O Estado de S. Paulo

O papel do presidente em uma epidemia

- AFFONSO CELSO PASTORE EX-PRESIDENTE DO BANCO CENTRAL E SÓCIO DA A.C. PASTORE & ASSOCIADOS. ESCREVE QUINZENALM­ENTE

É muito difícil manter a frieza de raciocínio diante do último pronunciam­ento do presidente da República. Mas vou tentar. Há duas reações possíveis diante da propagação da covid-19: o isolamento social (“lockdown”) que a evita, salvando vidas; ou deixar que evolua para a “imunização natural”, que se dá quando o número de infectados é tão grande que o vírus não encontra mais hospedeiro­s, porém à custa de um número enorme de mortes. Devido ao temor das consequênc­ias econômicas, Boris Johnson e Donald Trump tentaram o caminho da imunização natural, sendo forçados a abandoná-lo. O que era inevitável na Idade Média – as mortes em dimensão catastrófi­ca – não é aceitável quando existem meios para reduzi-las. Cabe ao governo entender que, diante de uma epidemia, o objetivo de uma sociedade civilizada é ao mesmo tempo poupar vidas e minimizar seus custos econômicos. Não será com o incitament­o à burla do “lockdown” temporário adotado pelos governador­es que tal objetivo será alcançado.
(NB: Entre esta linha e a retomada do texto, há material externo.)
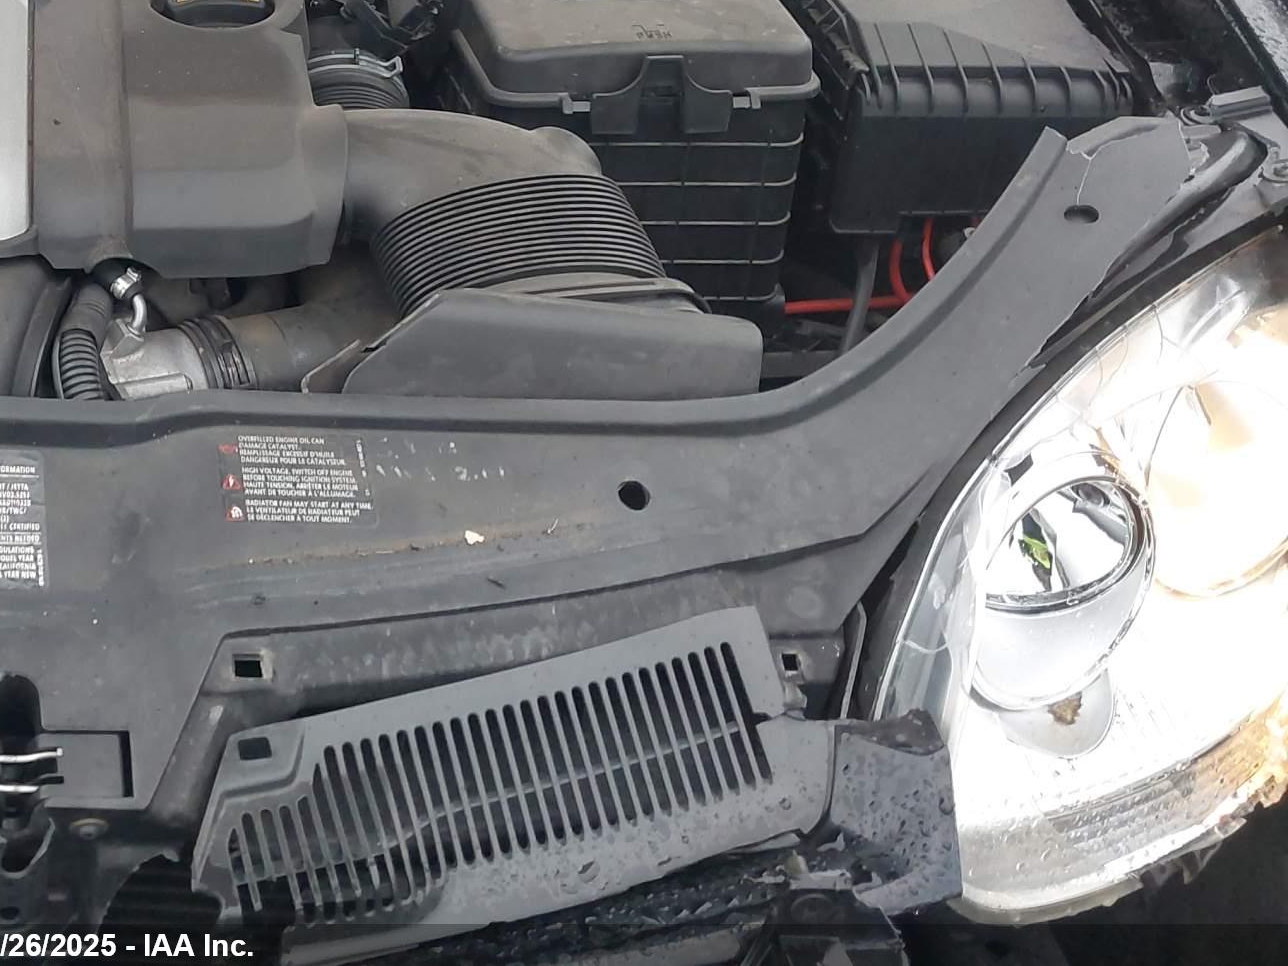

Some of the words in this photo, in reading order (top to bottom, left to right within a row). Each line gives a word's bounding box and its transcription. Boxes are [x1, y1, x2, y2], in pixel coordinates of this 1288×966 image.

[292, 468, 316, 476] SWITCH
[245, 488, 266, 496] AVANT
[278, 489, 306, 497] TOUCHER
[9, 523, 40, 531] CERTIFIED
[17, 554, 34, 562] YEAR
[0, 562, 36, 570] CALIFORNIA
[4, 570, 20, 578] YEAR
[21, 570, 36, 578] NEW
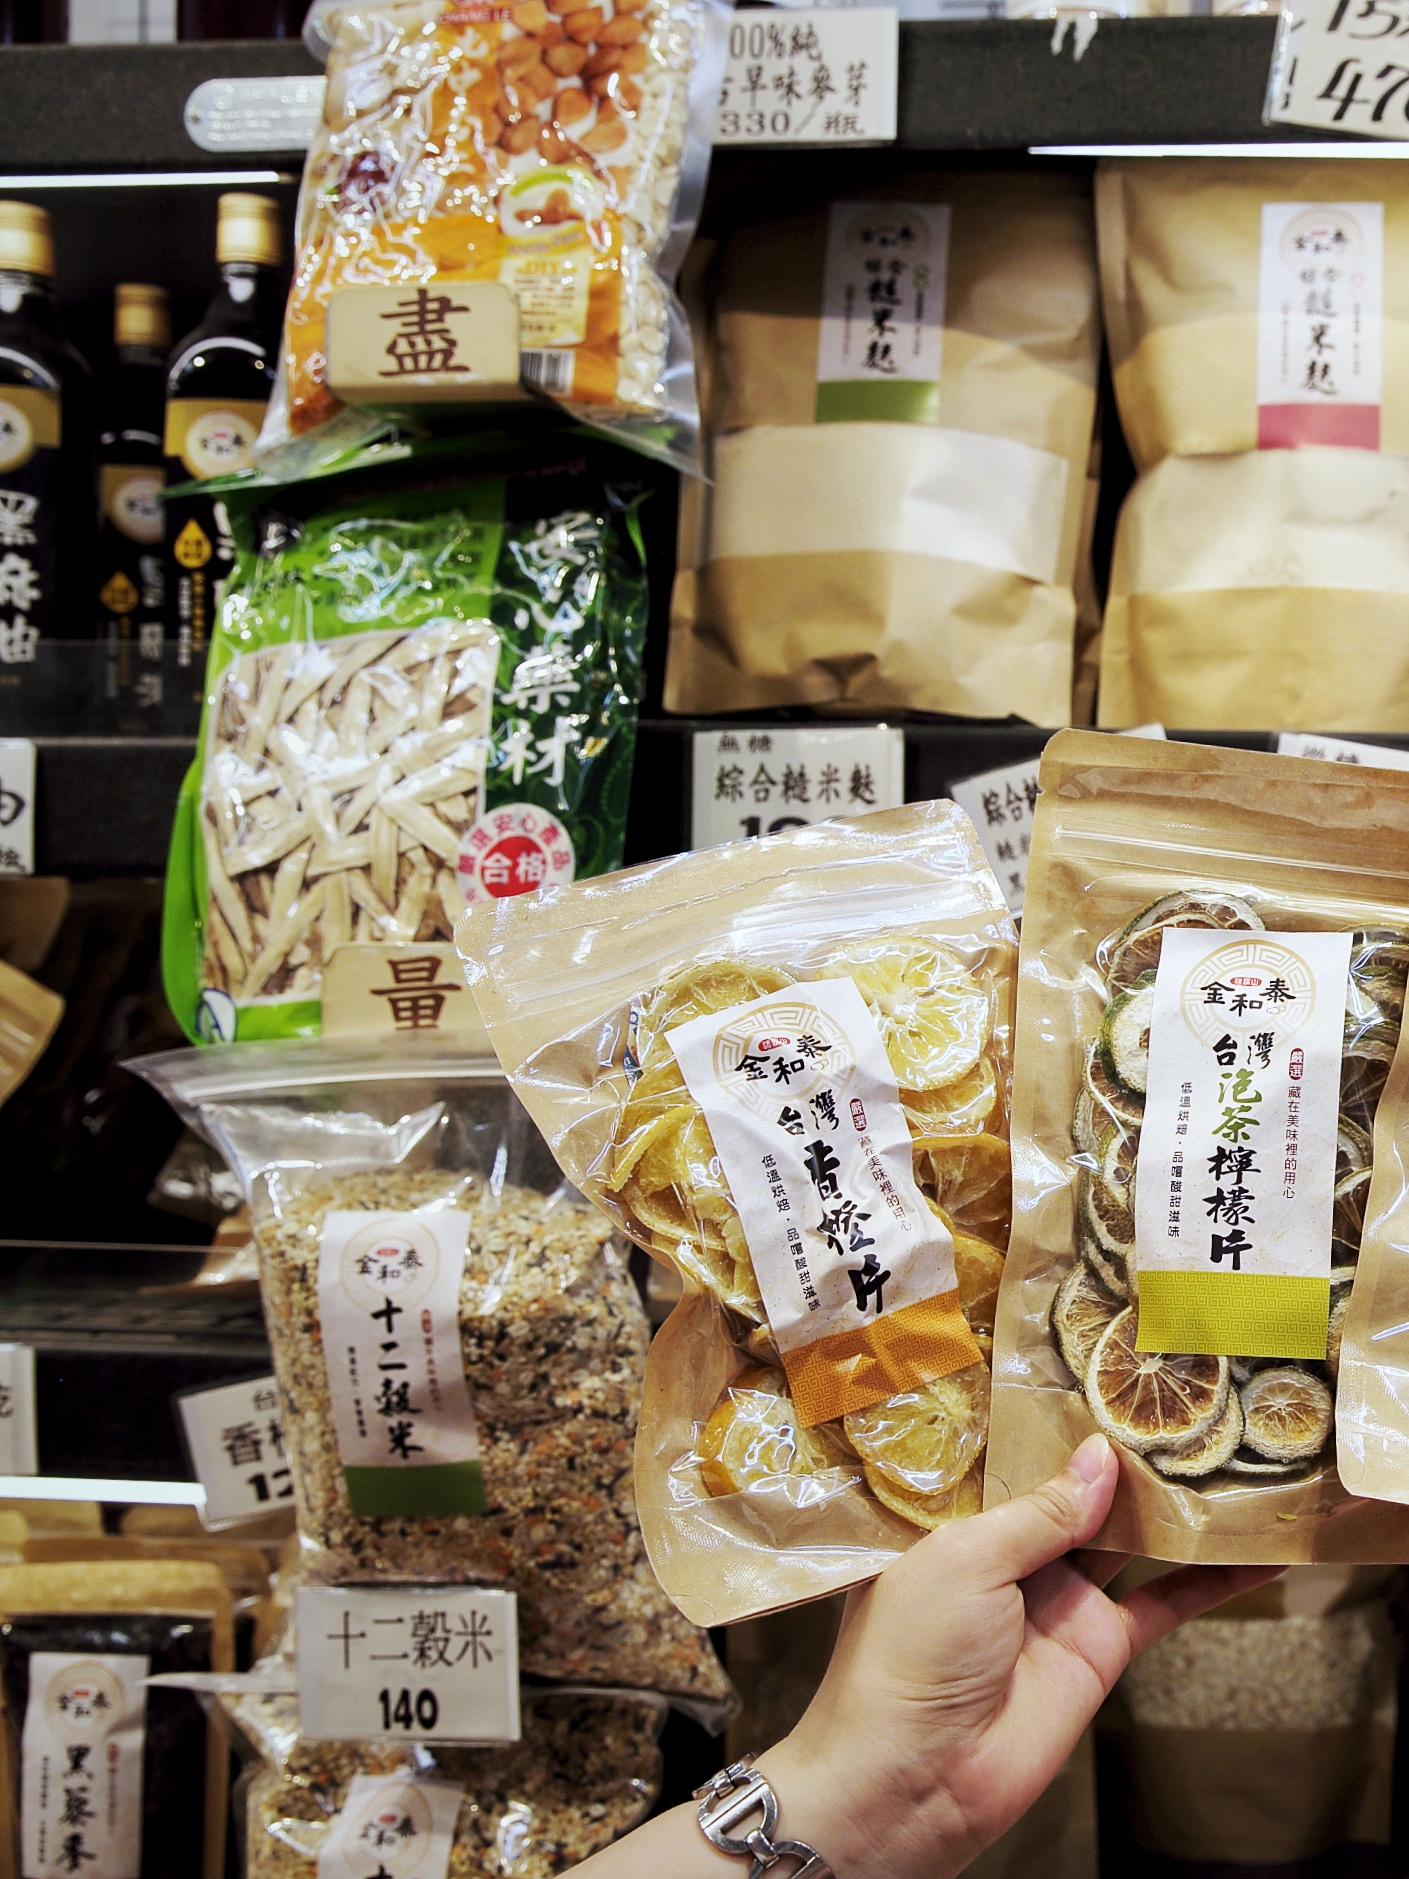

É preciso pensar no País, e não em objetivos pessoais. É preciso explicar à população que ela não será abandonada, que haverá recursos para amparar os mais afetados pelo “lockdown” e será suportado por nós mesmos assim que a tempestade terminar.

Cientistas estimam que para ser eficaz um “lockdown” iniciado rapidament­e pode durar de 2 a 3 semanas, mas será bem mais longo se o início for tardio. O Banco Central pode usar seu arsenal; o setor privado pode ajudar com doações; mas o peso maior recai sobre o governo federal, apesar da frágil situação fiscal. Não há como evitar que o déficit público tenha aumento expressivo, o que impõe à sociedade o aumento da carga que terá de ser suportada nos próximos anos, com reformas estruturai­s ainda mais duras e profundas. Mas o objetivo, agora, é enfrentar a epidemia e seus impactos, garantindo que os recursos sejam bem utilizados.

Todos os setores estão sendo atingidos e, mesmo com um “lockdown” mais curto, é provável que seu afrouxamen­to seja gradual. A menos que algum remédio surja rapidament­e, levando ao sonho de uma recuperaçã­o em V, esta será lenta. Meu temor é que cheguemos ao fim de 2020 com o PIB significat­ivamente abaixo do de 2019 que, medido pela renda per capita, já estava 8% abaixo de quando a recessão se iniciou, no primeiro trimestre de 2014.

Como esta é uma crise atípica que nos pega em situação fiscal frágil, alguns são levados a considerar aumento de gastos um tabu. Na minha visão não há como escapar disso. Esta não é uma crise que possa ser eliminada usando só o arsenal dos bancos centrais, como em 2008/09. É preciso salvar vidas e ajudar a recuperaçã­o dos mais atingidos. Primeiro, porque a recessão que já está em curso derrubará a receita tributária bem mais do que a queda do PIB. Segundo, porque diante da pobreza da população e da cessação de sua renda é impossível não desenvolve­r o que Armínio Fraga chamou de rede de solidaried­ade social. É muito bem-vinda a sugestão de um plano de 9 pontos enunciados por ele em coautoria com Vinicius Carrascos e José Alexandre Scheinkman. São medidas que deveriam ser encampadas pelo presidente com total apoio do Congresso, com ambos ficando plenamente consciente­s de que esta conta terá de ser paga por todos nós, aumentando nos próximos anos o esforço necessário para o equilíbrio fiscal.

É em um momento como este que se tem a consciênci­a exata da falta que faz ter um estadista na Presidênci­a da República

capaz de formular um diagnóstic­o coerente sobre como enfrentar uma epidemia. Nosso presidente não tem o discernime­nto sobre a gravidade do problema e nem o entendimen­to de qual é sua responsabi­lidade perante a sociedade. As medidas até aqui anunciadas para minimizar as consequênc­ias econômicas da crise são claramente insuficien­tes. É preciso muito mais. Não vejo histeria na sociedade e, sim, uma imensa perplexida­de diante do vácuo deixado pelo governo. Cabe ao governo assumir seu papel, explicando didaticame­nte a todos que agirá para suavizar os custos dessa epidemia com gastos extraordin­ários, que não se repetirão, e que não inibirão o ajuste estrutural que ocorrerá nos próximos anos. O erro não está em agir. O erro está em deixar o tempo passar. Já fizemos isto com o nosso programa de reformas, e não podemos repetir o erro em uma situação muito mais grave.